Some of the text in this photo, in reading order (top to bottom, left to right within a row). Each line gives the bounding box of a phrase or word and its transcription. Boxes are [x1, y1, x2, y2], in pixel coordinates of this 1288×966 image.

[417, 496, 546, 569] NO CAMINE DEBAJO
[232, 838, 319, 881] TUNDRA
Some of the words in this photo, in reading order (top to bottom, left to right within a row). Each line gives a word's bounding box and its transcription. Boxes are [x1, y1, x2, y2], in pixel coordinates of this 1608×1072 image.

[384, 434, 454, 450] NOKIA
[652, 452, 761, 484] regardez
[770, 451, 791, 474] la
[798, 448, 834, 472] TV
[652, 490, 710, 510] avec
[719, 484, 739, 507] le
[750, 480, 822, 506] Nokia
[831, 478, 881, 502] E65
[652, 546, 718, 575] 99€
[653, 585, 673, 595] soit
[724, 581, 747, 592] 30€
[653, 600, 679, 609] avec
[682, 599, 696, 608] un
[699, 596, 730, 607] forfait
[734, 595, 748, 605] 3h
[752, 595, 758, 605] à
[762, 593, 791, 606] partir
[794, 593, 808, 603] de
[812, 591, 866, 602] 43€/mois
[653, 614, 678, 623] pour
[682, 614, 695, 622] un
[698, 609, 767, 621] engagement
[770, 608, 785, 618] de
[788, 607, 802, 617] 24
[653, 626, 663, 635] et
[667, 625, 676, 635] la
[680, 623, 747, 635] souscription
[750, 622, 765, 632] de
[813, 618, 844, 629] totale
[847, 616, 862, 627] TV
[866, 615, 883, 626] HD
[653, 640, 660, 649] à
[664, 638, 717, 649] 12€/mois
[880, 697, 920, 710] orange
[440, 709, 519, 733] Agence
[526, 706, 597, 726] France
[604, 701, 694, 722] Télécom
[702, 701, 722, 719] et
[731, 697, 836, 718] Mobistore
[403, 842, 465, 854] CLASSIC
^^^^^^^^
» The problem
When you reach the end of the data above, set it all down again unchanged.

» Problem solution
Some of the text in this photo, in reading order (top to bottom, left to right within a row). Each line gives the bounding box of a phrase or word and its transcription. Boxes are [x1, y1, x2, y2], in pixel coordinates of this 1288×966 image.

[417, 496, 546, 569] NO CAMINE DEBAJO
[232, 838, 319, 881] TUNDRA
Some of the words in this photo, in reading order (top to bottom, left to right within a row). Each line gives a word's bounding box and its transcription. Boxes are [x1, y1, x2, y2], in pixel coordinates of this 1608×1072 image.

[384, 434, 454, 450] NOKIA
[652, 452, 761, 484] regardez
[770, 451, 791, 474] la
[798, 448, 834, 472] TV
[652, 490, 710, 510] avec
[719, 484, 739, 507] le
[750, 480, 822, 506] Nokia
[831, 478, 881, 502] E65
[652, 546, 718, 575] 99€
[653, 585, 673, 595] soit
[724, 581, 747, 592] 30€
[653, 600, 679, 609] avec
[682, 599, 696, 608] un
[699, 596, 730, 607] forfait
[734, 595, 748, 605] 3h
[752, 595, 758, 605] à
[762, 593, 791, 606] partir
[794, 593, 808, 603] de
[812, 591, 866, 602] 43€/mois
[653, 614, 678, 623] pour
[682, 614, 695, 622] un
[698, 609, 767, 621] engagement
[770, 608, 785, 618] de
[788, 607, 802, 617] 24
[653, 626, 663, 635] et
[667, 625, 676, 635] la
[680, 623, 747, 635] souscription
[750, 622, 765, 632] de
[813, 618, 844, 629] totale
[847, 616, 862, 627] TV
[866, 615, 883, 626] HD
[653, 640, 660, 649] à
[664, 638, 717, 649] 12€/mois
[880, 697, 920, 710] orange
[440, 709, 519, 733] Agence
[526, 706, 597, 726] France
[604, 701, 694, 722] Télécom
[702, 701, 722, 719] et
[731, 697, 836, 718] Mobistore
[403, 842, 465, 854] CLASSIC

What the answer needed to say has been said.